When comedian Maysoon Zayid performed her first TED talk in 2014, she never thought it would change her life. Nearly 15 million people watched the Palestinian-American talk about her life with cerebral palsy and how it never got in the way of her dreams.
“The talk was translated into 42 languages, so people worldwide were hearing me for the first time and one of the things I realized was that the world has never seen a functional disabled person,” Zayid told Fox News.
Cerebral palsy (CP) is a group of disorders that affect a person’s ability to control their muscles and maintain balance and posture, according to the Centers for Disease Control and Prevention (CDC).
Some people with CP may have abnormal reflexes, floppiness or stiffness of the limbs, abnormal posture, and trouble walking. In Zayid’s case, she said she shakes all the time.
“I shake it, shake it, shake it like Taylor Swift. But she just wants to shake. And mine is involuntary,” Zayid said.
The disorder is caused by abnormal brain development or damage to the developing brain, usually in utero. Zayid was deprived of oxygen when her mother was in labor, which was what she and her malpractice lawsuit against the doctor allege was the cause of her CP.
Zayid said the response she received after her TED talk opened her eyes and educated her in a way she had never been educated before. The New Jersey native said she had been living in a “bubble.” She grew up with three older sisters and supportive parents who “never treated her differently,” and always made sure she attended mainstream schools.
“When people reached out to me after the TED talk, I learned that kids with disabilities are being bullied in schools every single day, that kids are being abused by parents who see them as a burden instead of a blessing, that kids are being denied access to education,” Zayid said.
After the success of her TED talk, Zayid went on to become a disability advocate and pushed for disability rights in the entertainment industry. At a time when people are focusing on equal representation on screen, whether it involves race, gender or sexual orientation, Zayid wants people with disabilities to grace the big and small screens more too.
When I was growing up, anytime I saw disability on TV, those people were healed on the red carpet.

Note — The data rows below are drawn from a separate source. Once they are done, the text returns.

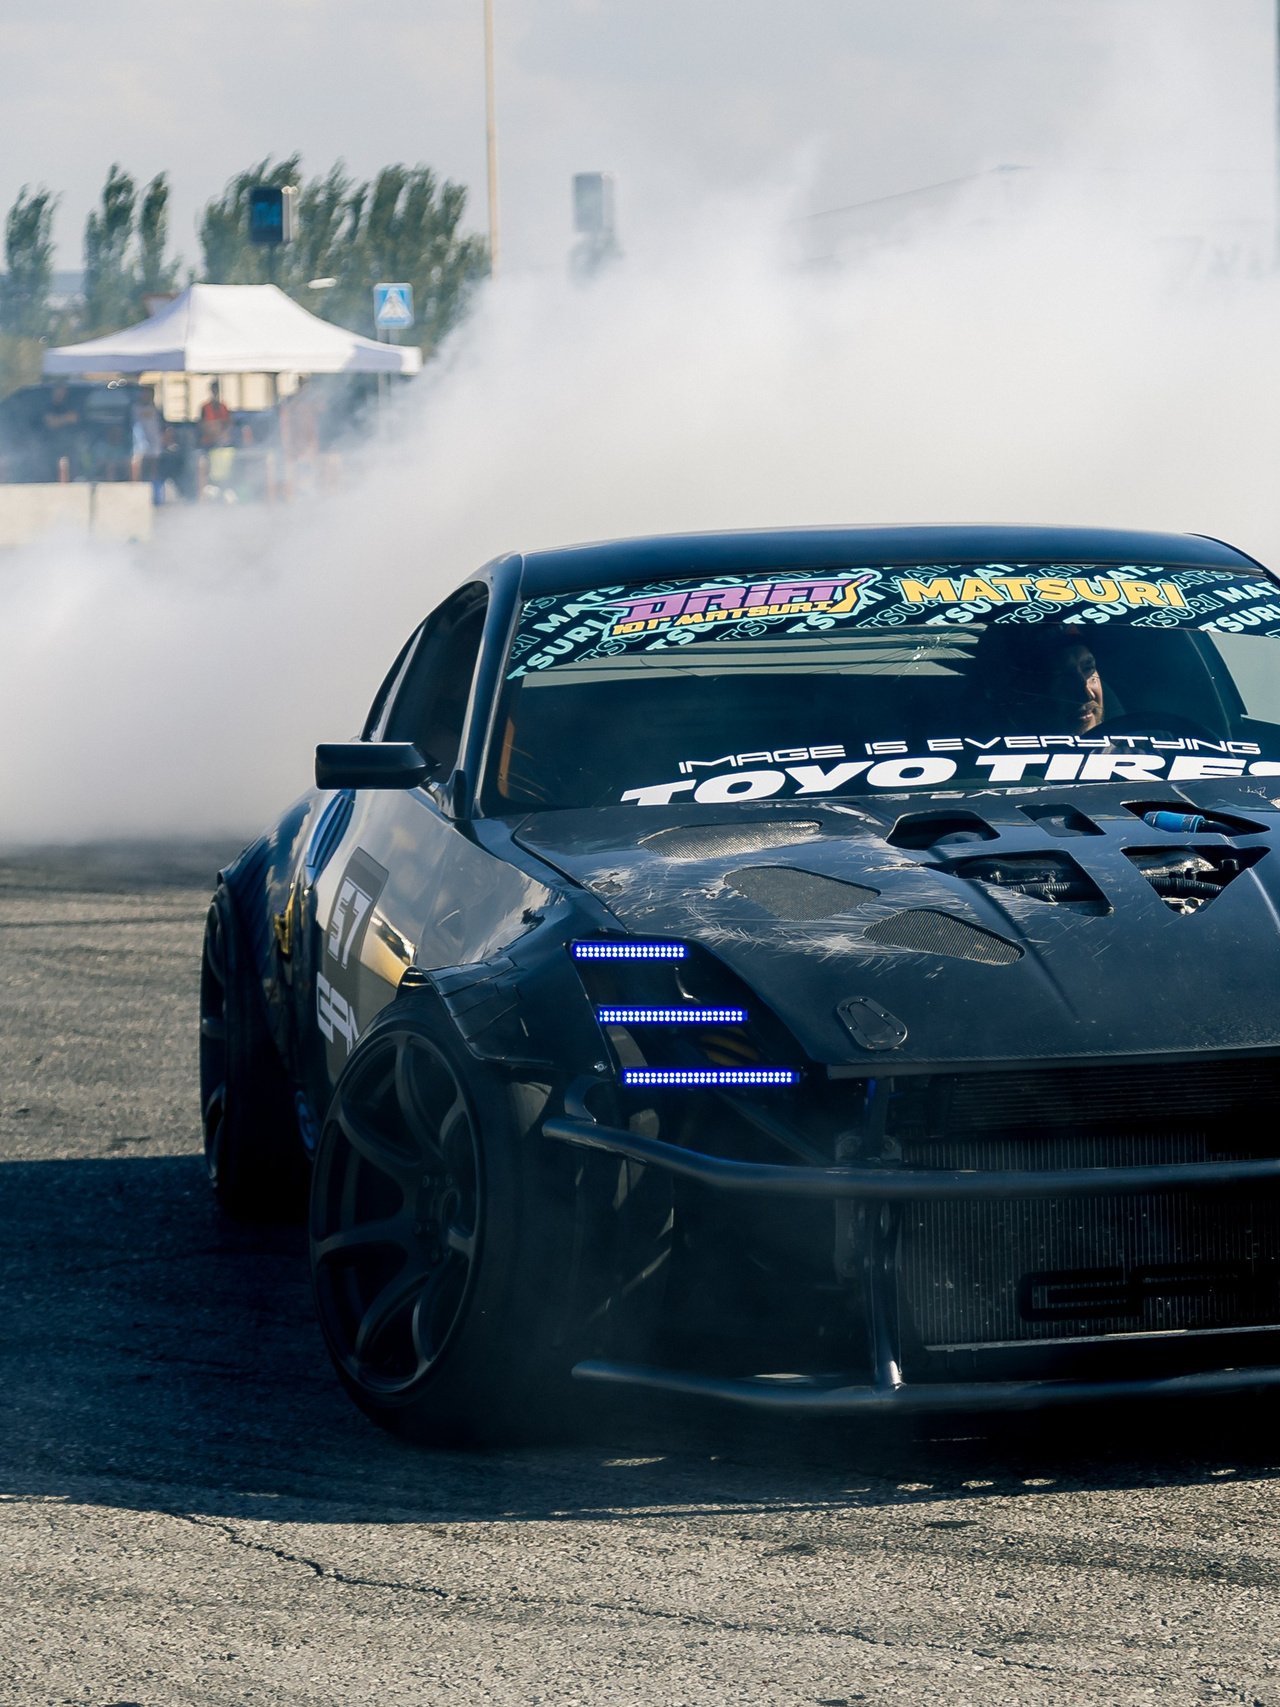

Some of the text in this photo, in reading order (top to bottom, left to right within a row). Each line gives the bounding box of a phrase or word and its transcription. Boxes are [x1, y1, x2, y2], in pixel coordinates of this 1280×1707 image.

[900, 578, 1187, 607] MATSURI
[674, 601, 834, 626] MATSURI
[678, 745, 846, 774] IMAGE
[865, 741, 908, 755] IS
[620, 757, 957, 806] TOYO
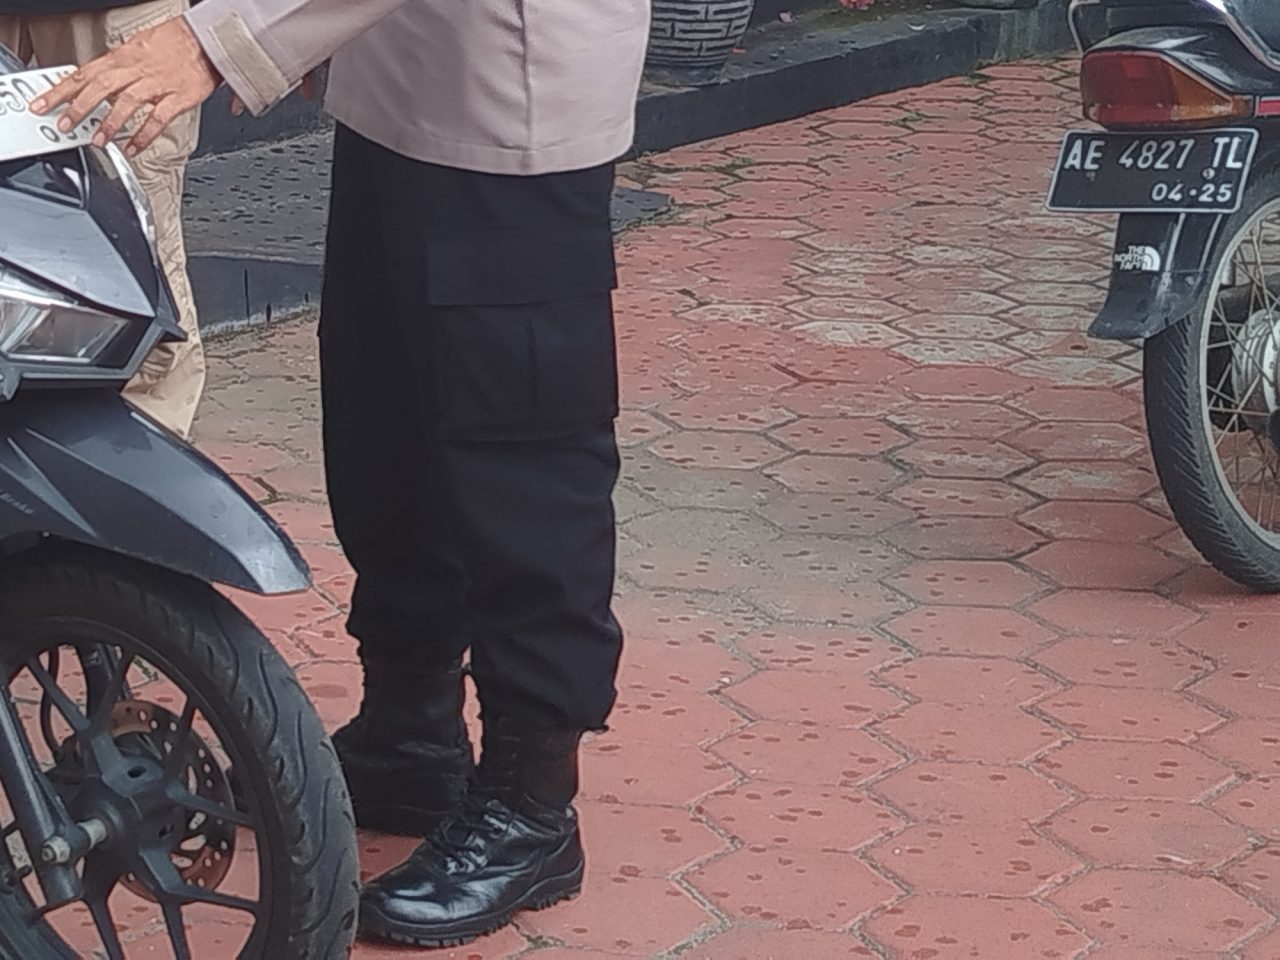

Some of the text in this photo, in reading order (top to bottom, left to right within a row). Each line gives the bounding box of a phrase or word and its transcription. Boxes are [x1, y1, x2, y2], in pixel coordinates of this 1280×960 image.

[1063, 136, 1245, 171] AE 4827 TL

“When I was growing up, anytime I saw disability on TV, those people were healed on the red carpet. And the message to me was either heal myself, which I couldn't do because I have a permanent disability, or you can never be part of this world because people who are disabled are not allowed to participate,” Zayid said.
In the last few years, A-list actors like Joaquin Phoenix, Sally Hawkins and Bryan Cranston played characters with disabilities, roles that most disabled actors would have loved to fill. According to a Ruderman Family Foundation study, 95 percent of television characters with disabilities are played by able-bodied actors. Zayid said watching able-bodied actors play characters with a disability, no matter what high-caliber celebrity held the role, looked “cartoonish and clownish” to her.

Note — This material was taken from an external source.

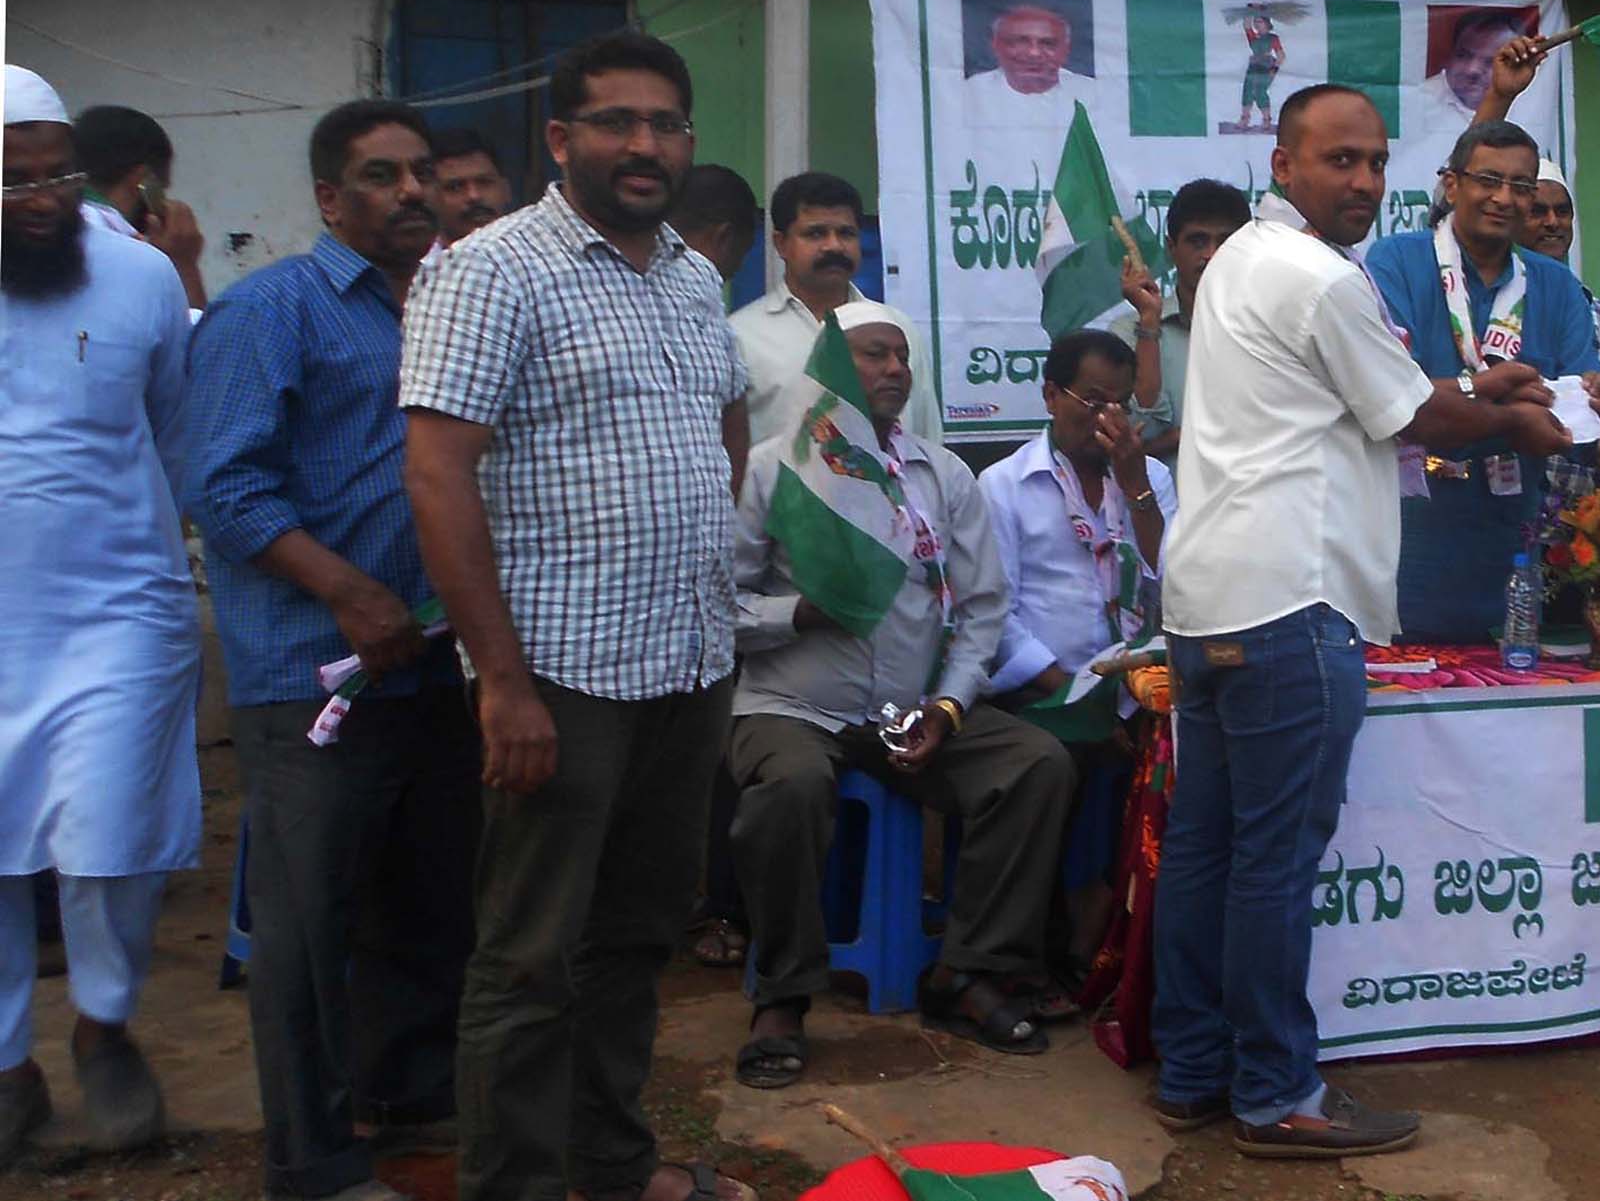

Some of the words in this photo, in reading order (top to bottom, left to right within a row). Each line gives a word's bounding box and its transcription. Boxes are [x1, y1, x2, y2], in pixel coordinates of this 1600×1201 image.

[949, 159, 1056, 270] ಕೊಡ
[1311, 845, 1405, 928] ಡಗು
[1434, 856, 1545, 940] ಜಿಲ್ಲಾ
[1342, 952, 1587, 1008] ವಿರಾಜಪೇಟೆ

“The myth is [that] there aren't talented disabled actors. There are. There are 4,000 of us at least, and so many of us in SAG-AFTRA, a union that's really hard to get into. So the talent exists, but the opportunity doesn't,” Zayid added.
After studying theater at Arizona State, and never getting the lead roles in productions, Zayid encountered more frustration with casting directors in New York.
“I would walk into rooms and people would say, ‘No, thank you’ before I even started talking,” she said.
I realized that I did not see people on TV who looked like me
“I realized that I did not see people on TV who looked like me, but where I did see myself was in the world of standup comedy,” Zayid said.
Watching comedic legend Richard Pryor, the “original shaking disabled comic,” as Zayid says, made her feel like she could become successful as a comedian.
And she was right. Zayid had a natural comedic rhythm to her performances and went on booking gigs around the country, as well as co-creating the New York Arab American Comedy Festival and The Muslim Funny Fest. She even caught the attention of Adam Sandler, who liked her comedy so much he offered her a role in his 2008 film "You Don't Mess with the Zohan."
Zayid just released her new memoir, “Find Another Dream,” under Reese Witherspoon's company, Hello Sunshine, and Audible.
“My advice to young people with CP that are looking to get into Hollywood is you have to work harder than everyone else,” Zayid said. “I wish that I could tell you that you didn't, but you do. So the most important thing is make sure your talent is there. Make sure when you get the opportunity that your art and your craft is so flawless that they don't even remember that you have a disability.”